DIRECTIONS FOR THIS TASK:
All of the data must be written out verbatim, with pictures excluded.

(Saved entries)
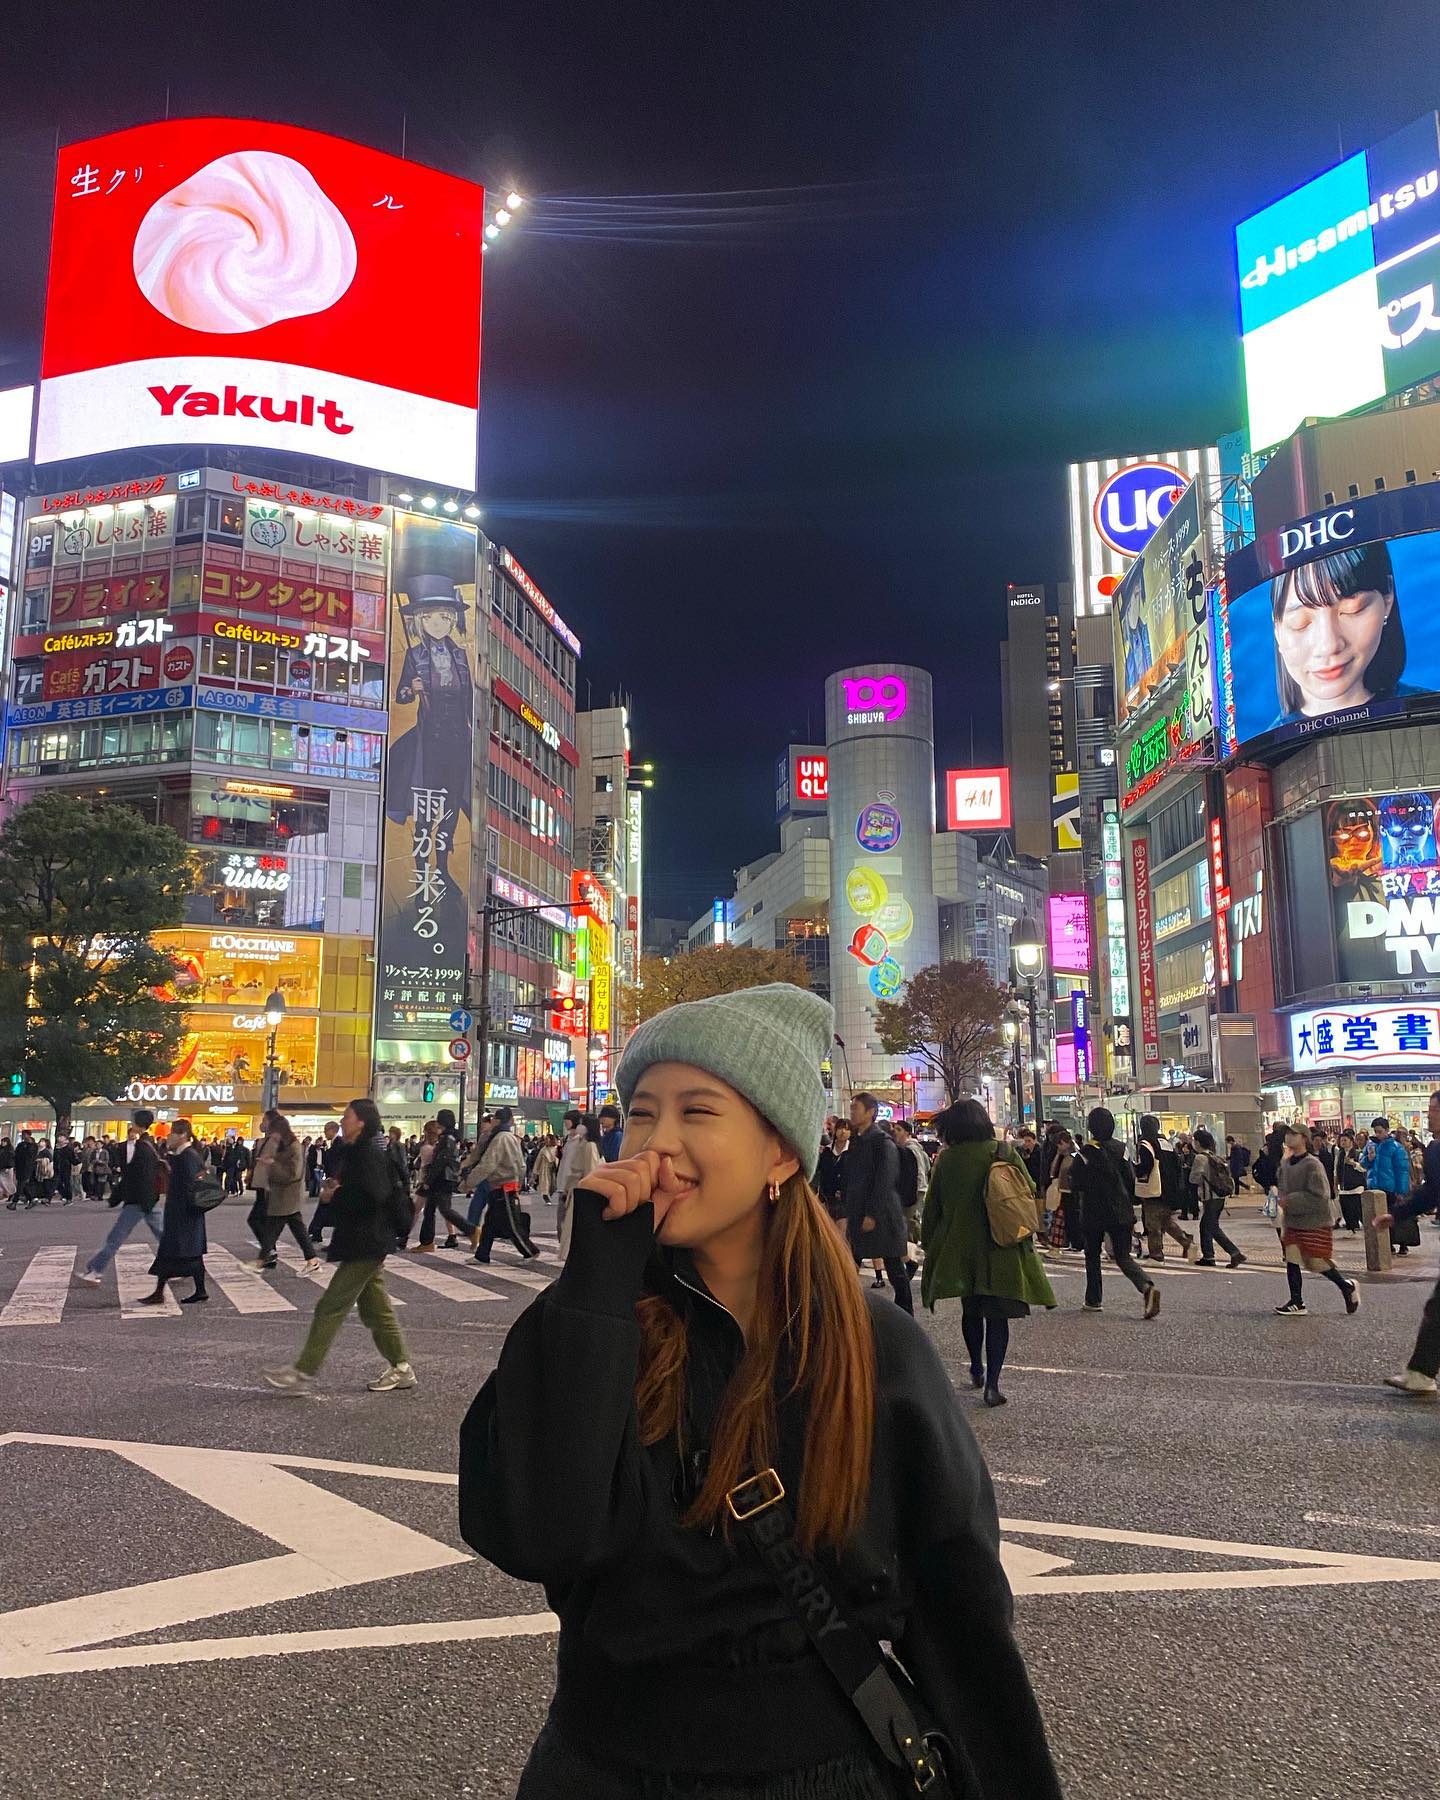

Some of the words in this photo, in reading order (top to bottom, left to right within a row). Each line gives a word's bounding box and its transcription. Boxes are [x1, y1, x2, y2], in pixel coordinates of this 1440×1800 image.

[1241, 170, 1439, 290] Hisamitsu
[147, 384, 354, 435] Yakult
[232, 475, 384, 519] しゃぶしゃぶバイキング
[96, 511, 168, 545] しゃぶ葉
[295, 521, 383, 560] しゃぶ葉
[1279, 509, 1355, 560] DHC
[31, 535, 52, 554] 9F
[53, 576, 168, 620] プライス
[204, 571, 347, 618] コンタクト
[1010, 597, 1041, 606] INDIGO
[116, 618, 174, 648] ガスト
[303, 632, 370, 664] ガスト
[82, 656, 153, 695] ガスト
[167, 661, 191, 673] ガスト
[18, 674, 43, 694] 7F
[842, 675, 907, 722] 109
[57, 691, 161, 720] 英会話イーオン
[204, 690, 248, 708] AEON
[12, 707, 48, 723] AEON
[847, 712, 885, 724] SHIBUYA
[1300, 719, 1323, 733] DHC
[1324, 709, 1370, 730] Channel
[221, 866, 291, 891] Ushi8
[407, 786, 455, 954] 雨が来る。
[211, 935, 295, 952] L'OCCITANE
[385, 964, 463, 980] リバース:1999
[383, 989, 463, 1004] 好評配信中
[233, 1014, 267, 1030] Café
[1076, 997, 1084, 1027] MIZUHO
[544, 1038, 568, 1061] LUSH
[1298, 1013, 1433, 1059] 大盛堂書

YOUR SOLUTION:
Some of the words in this photo, in reading order (top to bottom, left to right within a row). Each line gives a word's bounding box and its transcription. Boxes are [x1, y1, x2, y2], in pixel coordinates of this 1440×1800 image.

[1241, 170, 1439, 290] Hisamitsu
[147, 384, 354, 435] Yakult
[232, 475, 384, 519] しゃぶしゃぶバイキング
[96, 511, 168, 545] しゃぶ葉
[295, 521, 383, 560] しゃぶ葉
[1279, 509, 1355, 560] DHC
[31, 535, 52, 554] 9F
[53, 576, 168, 620] プライス
[204, 571, 347, 618] コンタクト
[1010, 597, 1041, 606] INDIGO
[116, 618, 174, 648] ガスト
[303, 632, 370, 664] ガスト
[82, 656, 153, 695] ガスト
[167, 661, 191, 673] ガスト
[18, 674, 43, 694] 7F
[842, 675, 907, 722] 109
[57, 691, 161, 720] 英会話イーオン
[204, 690, 248, 708] AEON
[12, 707, 48, 723] AEON
[847, 712, 885, 724] SHIBUYA
[1300, 719, 1323, 733] DHC
[1324, 709, 1370, 730] Channel
[221, 866, 291, 891] Ushi8
[407, 786, 455, 954] 雨が来る。
[211, 935, 295, 952] L'OCCITANE
[385, 964, 463, 980] リバース:1999
[383, 989, 463, 1004] 好評配信中
[233, 1014, 267, 1030] Café
[1076, 997, 1084, 1027] MIZUHO
[544, 1038, 568, 1061] LUSH
[1298, 1013, 1433, 1059] 大盛堂書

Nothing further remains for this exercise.